Reason #1: The six Associate Judges were
evenly divided about whether they had a) the legal power to impose
gay marriage and b) if so, whether they should do so. Only three signed
Judge Marshall’s decision. The other three refused and continue to
be adamantly opposed to it. As a result of
the tie, Chief Justice Margaret Marshall had to decide the case herself.
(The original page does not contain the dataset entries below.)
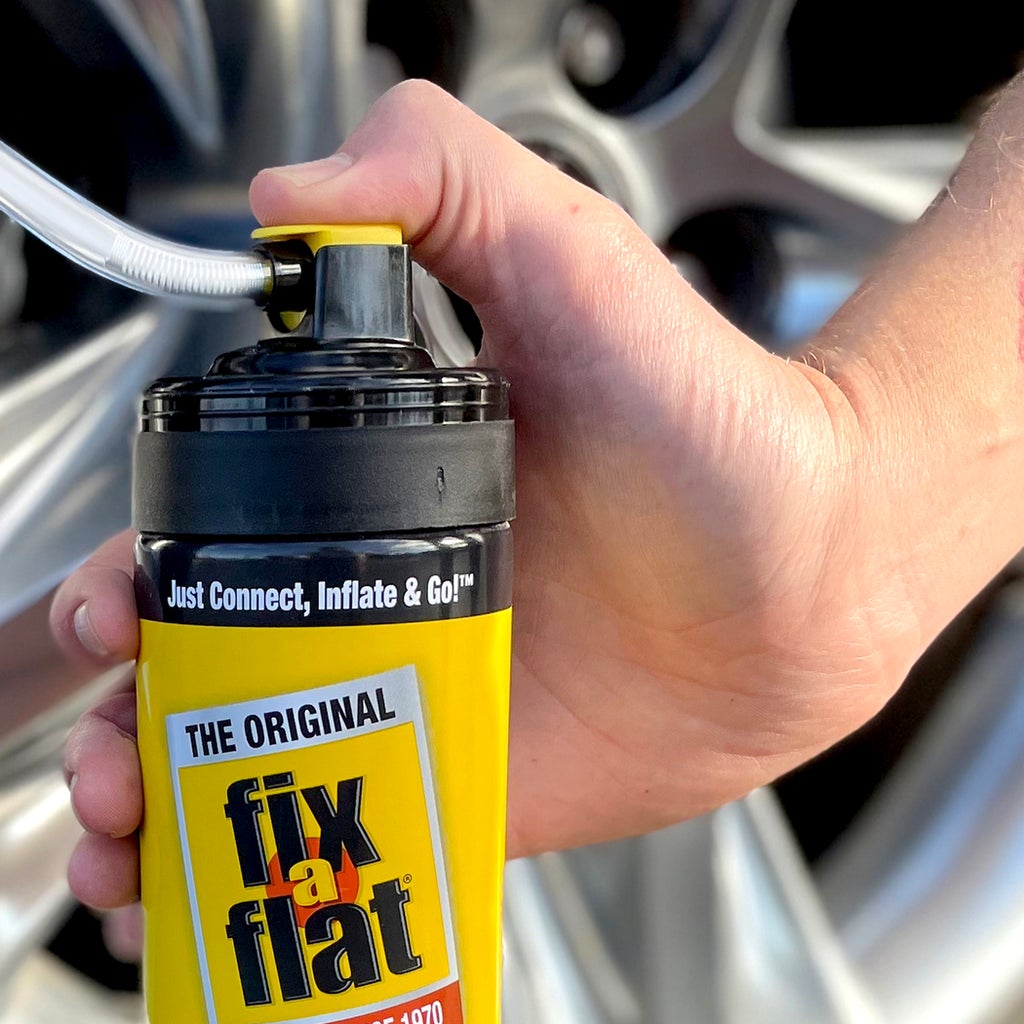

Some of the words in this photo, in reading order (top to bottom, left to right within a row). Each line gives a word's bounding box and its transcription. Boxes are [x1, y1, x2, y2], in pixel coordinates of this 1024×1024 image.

[167, 579, 204, 610] Just
[210, 580, 311, 617] Connect,
[318, 579, 397, 611] Inflate
[404, 576, 421, 606] &
[185, 719, 237, 758] THE
[244, 687, 396, 749] ORIGINAL
[224, 771, 381, 888] fix
[289, 858, 341, 907] a
However, she had previously, in 1999, attended a meeting of the Gay
& Lesbian Bar Association where she told about 200 people that
she was in favor of gay marriage. This, without question, shows she
had bias in the matter and should not have participated in any manner
in the 2003 decision. She was required to recuse herself from such
participation. Therefore, the vote was a 3-3 tie and the case should
have been dismissed after the plaintiffs appealed to the SJC from
the decision of the trial judge. (The trial judge had dismissed the case and had
also said that the courts did not have the power to impose gay marriage.)
You will reply that
if all that is true, why didn’t someone appeal? The simple answer
is that the only place that anyone could appeal to was to Marshall
herself. She had been very careful not to raise any issues under the
U.S. Constitution or federal law that would allow an appeal to any
federal court.
Reason #2: The three judges who refused
to sign Marshall’s ruling say that even if Marshall could legally
participate in the decision, even a 7-0 ruling would be illegal. They
say that no judge can take illegal power just because he or she would
like to do so. Even if the vote were 7-0, this abuse of power violates
the state Constitution, and Marshall and the three judges who voted
with her had no legal right to do what they did.
The reason
you have never heard any of this before is that the owner of the New
York Times, who also owns the Boston Globe and controls the news in
this state, is the country’s foremost advocate of gay marriage. His
name is Arthur O. Sulzberger, Jr., also known as Pinch. His father
was Arthur O. Sulzberger, also known as Punch.